|
STRONG SOULS:
A SERMON,
PREACHED IN
RENSHAW STREET CHAPEL, LIVERPOOL,
ON
SUNDAY, OCTOBER 29, 1882.
BY
CHARLES BEARD, B.A.
PRINTED FOR PRIVATE CIRCULATION.
LONDON: PRINTED BY C. GREEN AND SON, 178, STRAND.
In Memory of
ELIZABETH RATHBONE,
OF GREENBANK,
AGED 92.
STRONG SOULS.
JOHN x. 10 p. (Revised Version):
"I came that they may have life, and may have it abundantly."

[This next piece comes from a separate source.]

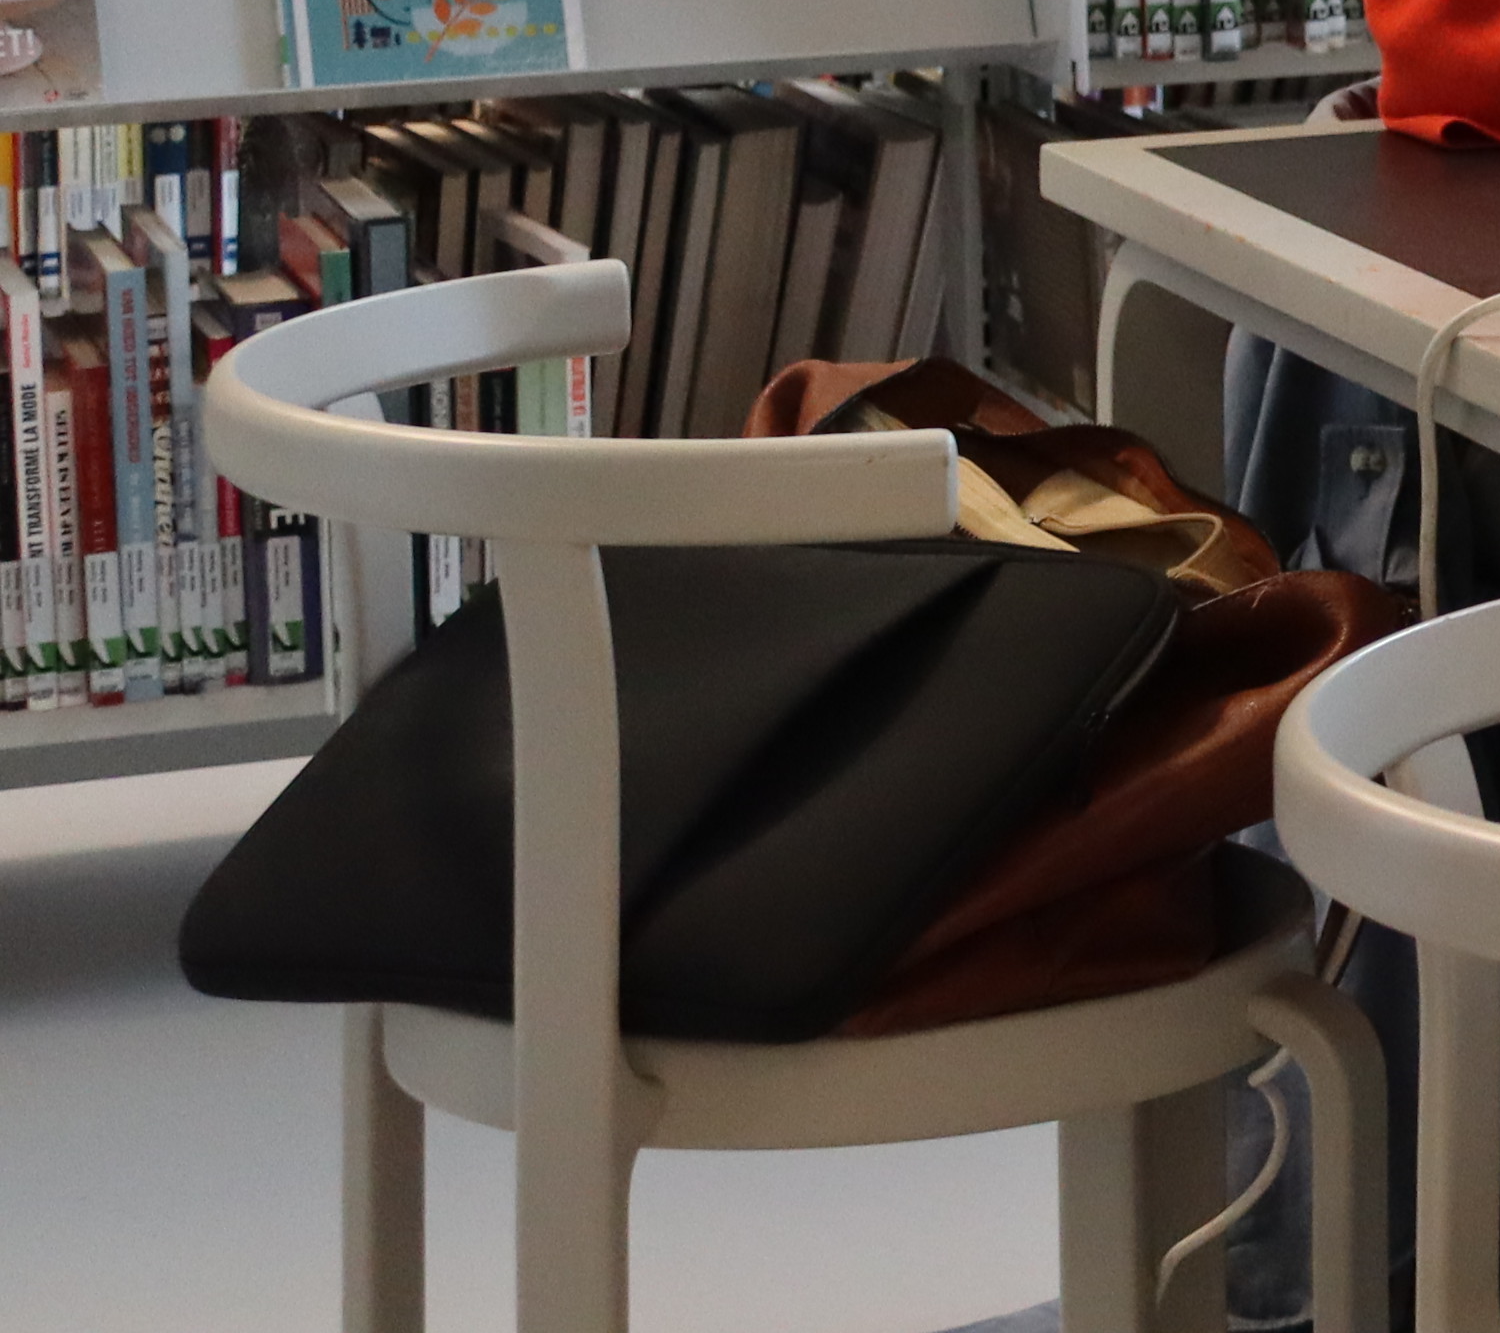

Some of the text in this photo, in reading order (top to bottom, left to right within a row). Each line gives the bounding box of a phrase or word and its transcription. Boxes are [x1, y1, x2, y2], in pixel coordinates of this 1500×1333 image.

[20, 382, 44, 537] TRANSFORMÉ LA MODE

Life is a gift of very unequal distribution. I am not speaking merely of length of life, though that is an important element in the case: there may be sad and quiet years which do not count: we have known existences which crept on in one dull round, from petty pleasure to petty pleasure, from monotonous occupation to monotonous occupation, never roused to storm by any noble passion, never thrilled by an electric touch of sympathy. Some lives are complete within narrow limits: in the few years which are all they have, they ripen into perfect sweetness, or expend themselves in such a flash of heroism, as would make subsequent days, were they given, mean and poor by contrast. What shall we say of that nameless engine-driver in America, who last week, measuring his own life against six hundred more, rushed through the flames and saved them? Dead of his glorious wounds, who would dare to pity him, or to think his end untimely? Life may be measured by its breadth as well as by its length: by the number of its intellectual points of contact with humanity, by the width of its sympathies, the largeness of its hopes. Still more, there is a quality of intensity in which lives differ: some live more in a week than others in a year: it is not that they are consuming themselves under stress of circumstance or in agony of passion, but that their fibre is stronger, their central flame brighter, their power of endurance larger. This inequality of gift may be a religious difficulty, but it fits in with the whole economy of Nature, who is a Mother at once bountiful and prodigal, and while careful of the type, careless of the individual life; bidding one soul but open unconscious eyes upon the world and close them again, while another moves through the slow changes of ninety years. But it is easier to understand when we remember that a just God asks account only of what He has given. Within the narrowest fate is yet room to round off the perfect sphere. Of the lily that blooms to-day and fades to-morrow, He demands only that it shall be sweet and beautiful in its season.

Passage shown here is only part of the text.